TASK DIRECTIONS: Write out exactly the line containing "Some of the words" along with each line that follows it in the records below, and no others.
(DATA FOR REVIEW Opens)
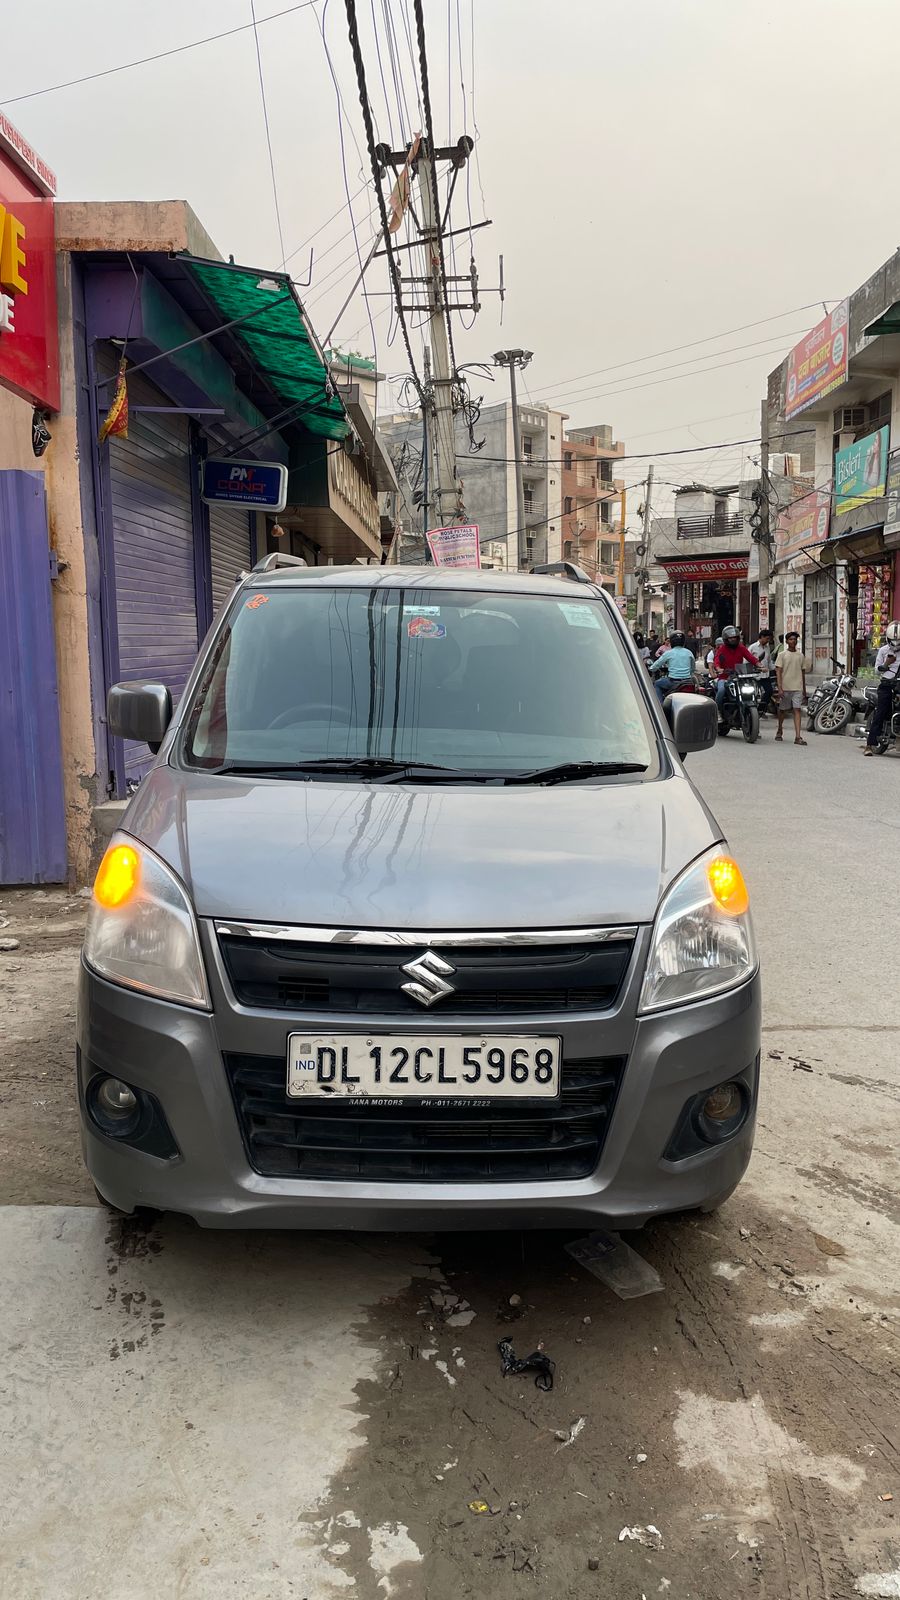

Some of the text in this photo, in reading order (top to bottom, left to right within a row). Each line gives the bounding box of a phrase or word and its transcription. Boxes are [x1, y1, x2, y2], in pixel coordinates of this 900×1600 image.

[0, 202, 28, 295] E
[838, 447, 861, 485] Bisleri
[666, 564, 698, 574] ASHISH
[701, 562, 728, 573] AUTO
[295, 1045, 554, 1084] IND DL12CL5968
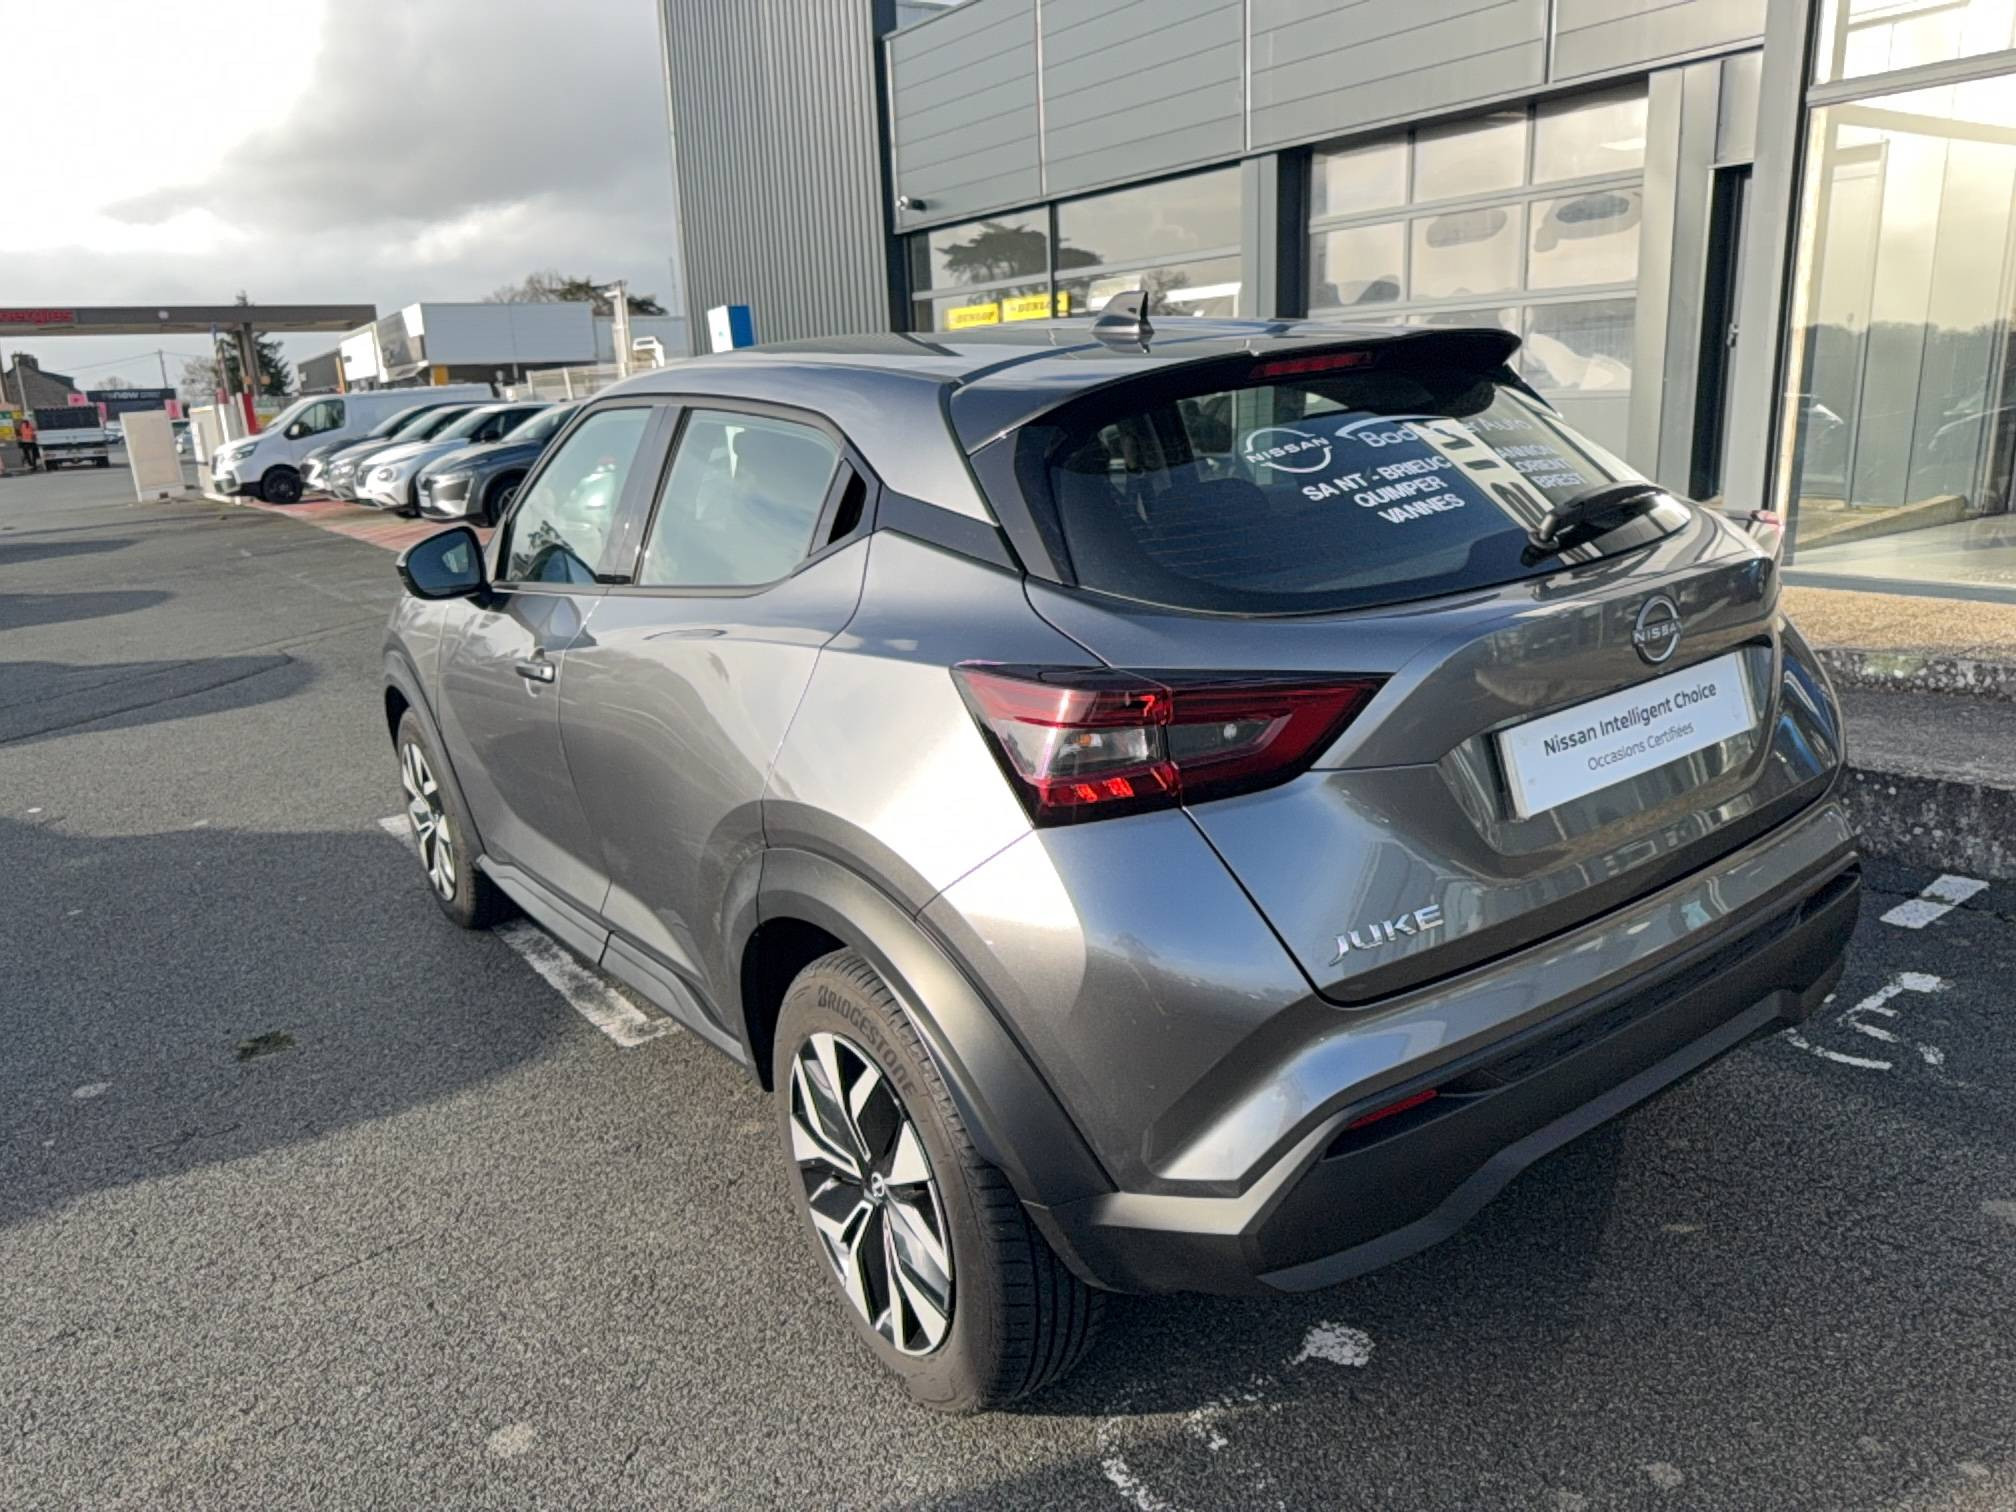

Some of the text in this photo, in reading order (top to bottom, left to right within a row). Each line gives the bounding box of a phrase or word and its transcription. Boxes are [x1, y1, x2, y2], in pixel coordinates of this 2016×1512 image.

[1246, 437, 1330, 463] NISSAN
[1353, 475, 1448, 508] QUIMPER
[1377, 493, 1466, 524] VANNES
[1543, 681, 1717, 756] Nissan Intelligent Choice
[1586, 739, 1647, 771] Occasions
[1328, 903, 1444, 967] JUKE
[817, 985, 917, 1098] BRIDGESTONE
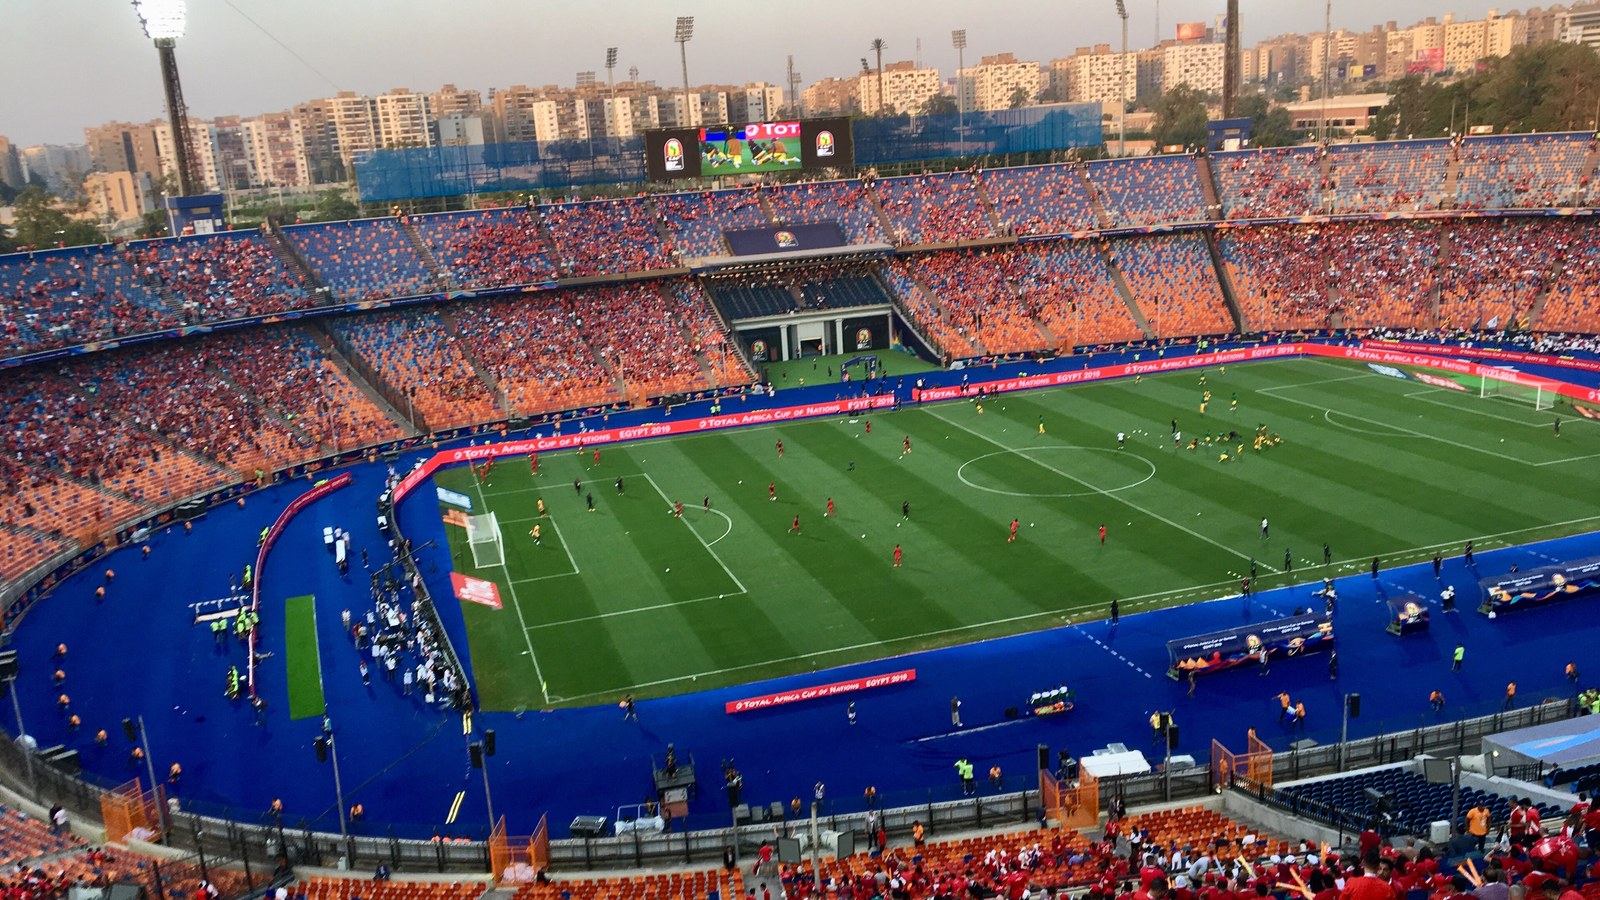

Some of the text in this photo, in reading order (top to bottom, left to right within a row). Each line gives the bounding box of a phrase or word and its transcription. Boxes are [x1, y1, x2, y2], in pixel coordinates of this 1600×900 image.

[762, 124, 800, 135] TOT
[1132, 364, 1158, 372] TOTAL
[1159, 360, 1187, 369] AFRICA
[1188, 356, 1204, 364] CUP
[1216, 352, 1245, 362] NATIONS
[1251, 348, 1275, 357] EGYPT
[1277, 346, 1295, 354] 2019
[1353, 349, 1381, 360] TOTAL
[1383, 353, 1412, 363] AFRICA
[1414, 356, 1430, 365] CUP
[1441, 360, 1470, 372] NATIONS
[928, 390, 957, 400] TOTAL
[961, 385, 988, 396] AFRIA
[1019, 378, 1050, 388] NATIONS
[1056, 372, 1082, 382] EGYPT
[1083, 370, 1101, 379] 2019
[708, 418, 740, 427] TOTAL
[741, 414, 773, 423] AFRICA
[774, 410, 791, 419] CUP
[806, 404, 840, 414] NATIONS
[876, 397, 894, 406] 2019
[462, 425, 671, 458] TOTAL AFRICA CUP OF NATIONS EGYPT 2019
[743, 674, 908, 708] TOTAL AFRICA CUP OF NATIONS EGYPT 2019
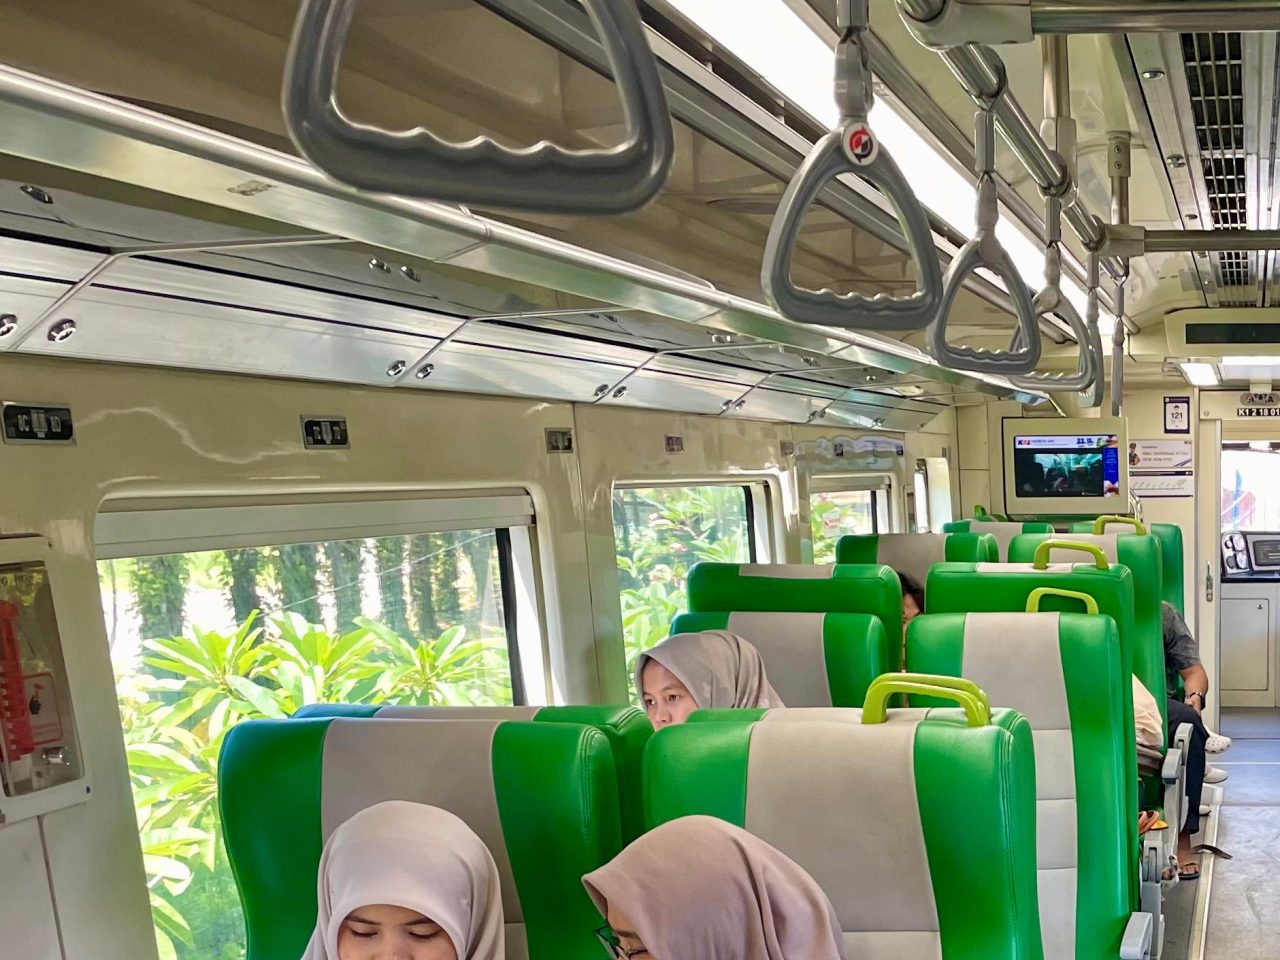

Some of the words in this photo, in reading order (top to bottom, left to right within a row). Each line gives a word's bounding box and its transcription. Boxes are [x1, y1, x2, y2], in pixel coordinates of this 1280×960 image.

[1171, 411, 1183, 419] 121
[1251, 408, 1257, 416] 2
[1260, 408, 1268, 416] 18
[1270, 408, 1280, 416] 01
(DATA FOR REVIEW Closes)
RESULT BELOW:
Some of the words in this photo, in reading order (top to bottom, left to right within a row). Each line gives a word's bounding box and its transcription. Boxes are [x1, y1, x2, y2], in pixel coordinates of this 1280×960 image.

[1171, 411, 1183, 419] 121
[1251, 408, 1257, 416] 2
[1260, 408, 1268, 416] 18
[1270, 408, 1280, 416] 01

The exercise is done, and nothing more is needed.